> The general naming convention as far as variable names go is camelcased with 
> the name starting with a lower case letter - this includes constants. Most of 
> Phobos follows this, and the parts that
haven't been have been moving towards it. There are likely to be a few 
exceptions, but on the whole, that's how it's supposed to be. Type names are 
the same, except they start with an upper case
letter (this includes enum names - the enum values are capitalized the same as 
any other variables however). That's the way it has been, and that's the way 
that it's pretty much guaranteed to stay.

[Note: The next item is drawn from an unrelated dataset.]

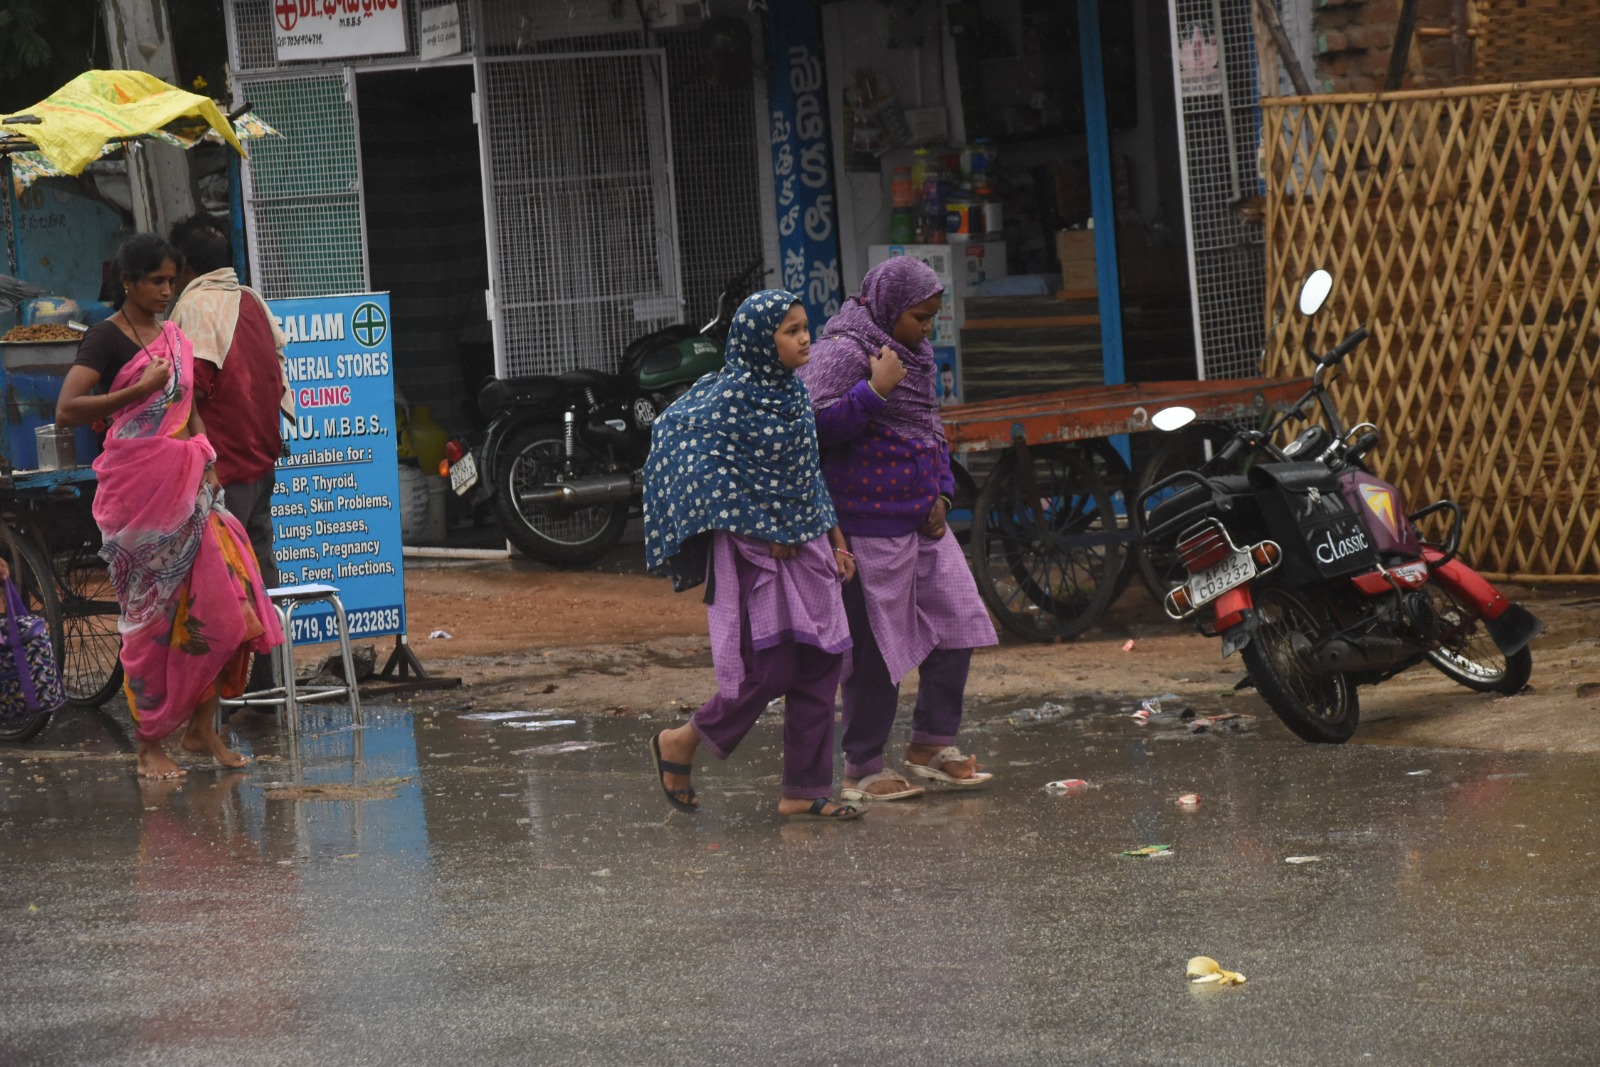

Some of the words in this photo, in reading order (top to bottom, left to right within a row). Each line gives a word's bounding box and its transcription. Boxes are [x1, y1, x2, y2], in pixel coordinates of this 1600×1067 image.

I don't like the idea that enum values (which are constants) would also be 
camelCased; I think they should be PascalCased. Why? Simply because something 
like:

enum InteropKind
{
    import,
    export
}

won't compile. Furthermore, these aren't "variables" (they can't vary *at all*, 
even through casts -- unlike immutables) so I think enum values should be 
CamelCased.
(PLEASE DO NOT USE ALL CAPS as it has no real benefit, and since it needlessly 
forces the use of underscores.)


Another issue: Whatever the naming scheme is, please make sure that it's 
_specific enough_ that it won't conflict with other imports through reasonable 
use. E.g. don't make a function in std.path
called getName() to get a file's name, because someone who's unaware of this 
could easily call getName() for a totally different module (say, 
hypothetically, on an Exception) and it would confuse
the heck out of the reader. In this case, I'd say it should be getFileName().


If there's a lot of good choices, then I'd say that using a camelCased version 
of what Microsoft does in .NET would be a good idea; e.g. getFullPath(), 
isPathRooted(), getTempFileName(),
getDirectoryName(), etc.


Just my take on this... any thoughts?